_ACTION ITEM_:
Will you extract the entries word for word? Images should not appear in the copy.

Records drawn from a dataset
↓↓↓

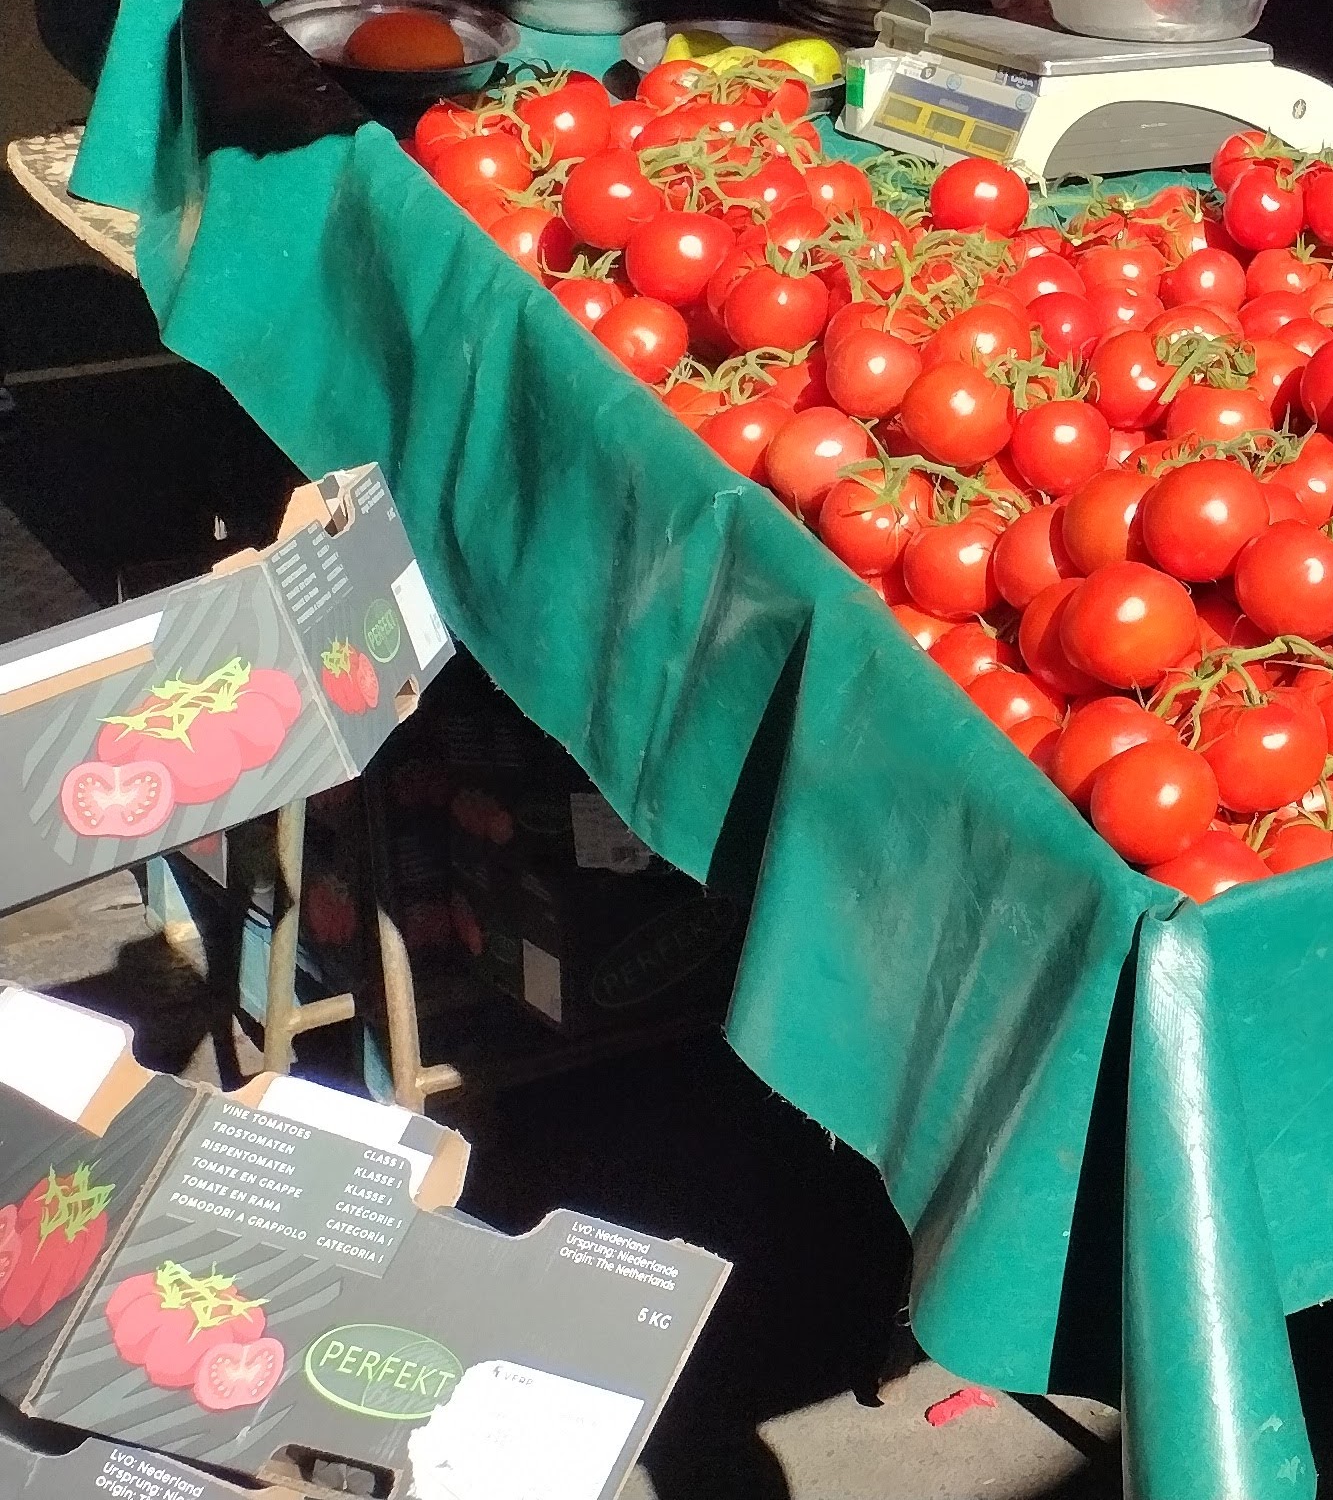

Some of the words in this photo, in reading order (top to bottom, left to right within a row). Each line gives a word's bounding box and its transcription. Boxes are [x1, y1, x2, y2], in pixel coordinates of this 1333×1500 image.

[212, 1120, 296, 1155] TROSTOMATEN
[222, 1103, 251, 1121] VINE
[252, 1112, 312, 1140] TOMATOES
[200, 1138, 296, 1175] RISPENTOMATEN
[363, 1149, 397, 1167] CLASS
[182, 1174, 229, 1197] TOMATE
[229, 1185, 248, 1202] EN
[250, 1195, 281, 1213] RAMA
[192, 1156, 239, 1180] TOMATE
[239, 1167, 258, 1185] EN
[258, 1177, 303, 1199] GRAPPE
[344, 1183, 387, 1205] KLASSE
[354, 1166, 396, 1188] KLASSE
[169, 1192, 236, 1219] POMODORI
[235, 1212, 245, 1224] A
[247, 1215, 307, 1241] GRAPPOLO
[335, 1200, 396, 1227] CATÉGORIE
[316, 1236, 377, 1263] CATEGORIA
[566, 1233, 616, 1259] Ursprung:
[616, 1249, 679, 1278] Niederlande
[595, 1228, 650, 1255] Nederland
[559, 1246, 595, 1266] Origin:
[596, 1257, 615, 1272] The
[615, 1264, 676, 1291] Netherlands
[637, 1307, 649, 1323] 5
[649, 1311, 673, 1330] KG
[319, 1340, 455, 1398] PERFEKT
[102, 1461, 165, 1498] Ursprung:
[137, 1460, 205, 1498] Nederland
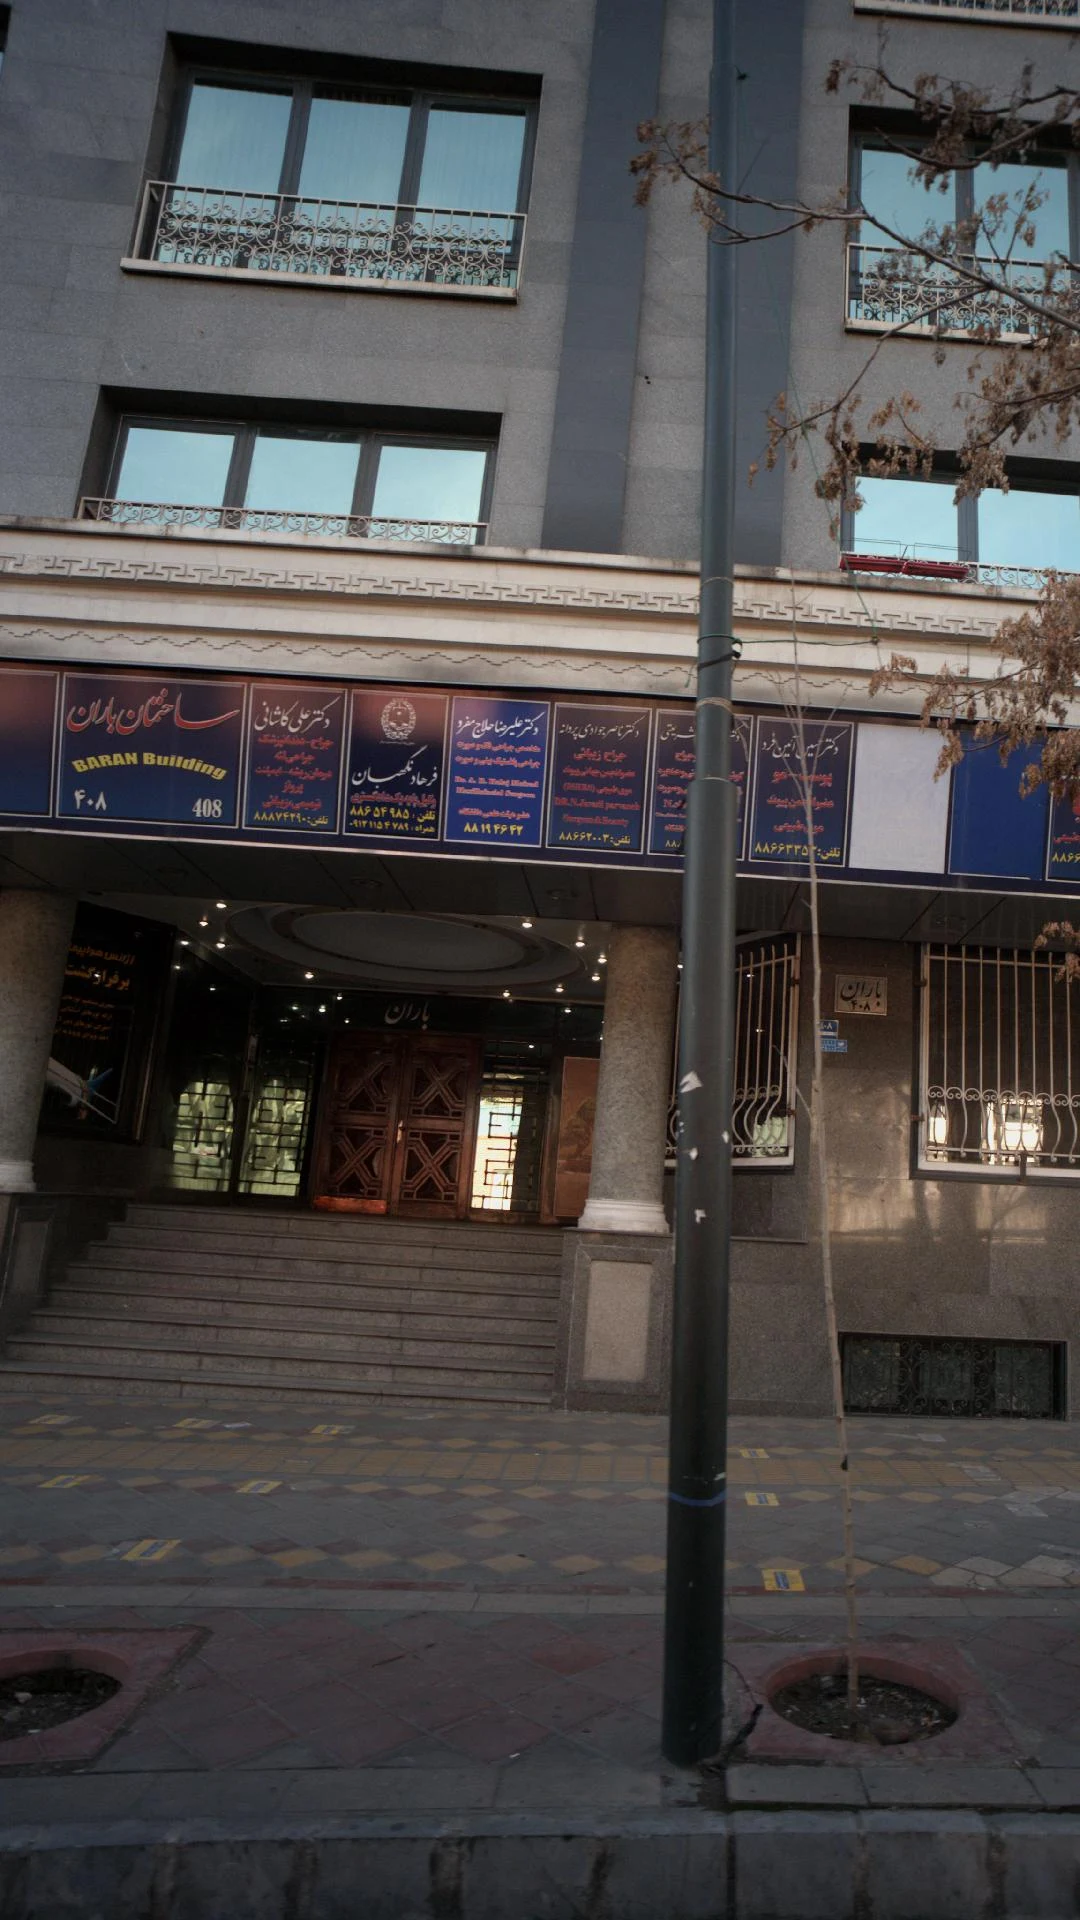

↑↑↑

_COMPLETED TASK_:
Some of the words in this photo, in reading order (top to bottom, left to right within a row). Each line gives a word's bounding box and its transcription. Boxes are [x1, y1, x2, y2], in pixel coordinates of this 1333×1500 image.

[212, 1120, 296, 1155] TROSTOMATEN
[222, 1103, 251, 1121] VINE
[252, 1112, 312, 1140] TOMATOES
[200, 1138, 296, 1175] RISPENTOMATEN
[363, 1149, 397, 1167] CLASS
[182, 1174, 229, 1197] TOMATE
[229, 1185, 248, 1202] EN
[250, 1195, 281, 1213] RAMA
[192, 1156, 239, 1180] TOMATE
[239, 1167, 258, 1185] EN
[258, 1177, 303, 1199] GRAPPE
[344, 1183, 387, 1205] KLASSE
[354, 1166, 396, 1188] KLASSE
[169, 1192, 236, 1219] POMODORI
[235, 1212, 245, 1224] A
[247, 1215, 307, 1241] GRAPPOLO
[335, 1200, 396, 1227] CATÉGORIE
[316, 1236, 377, 1263] CATEGORIA
[566, 1233, 616, 1259] Ursprung:
[616, 1249, 679, 1278] Niederlande
[595, 1228, 650, 1255] Nederland
[559, 1246, 595, 1266] Origin:
[596, 1257, 615, 1272] The
[615, 1264, 676, 1291] Netherlands
[637, 1307, 649, 1323] 5
[649, 1311, 673, 1330] KG
[319, 1340, 455, 1398] PERFEKT
[102, 1461, 165, 1498] Ursprung:
[137, 1460, 205, 1498] Nederland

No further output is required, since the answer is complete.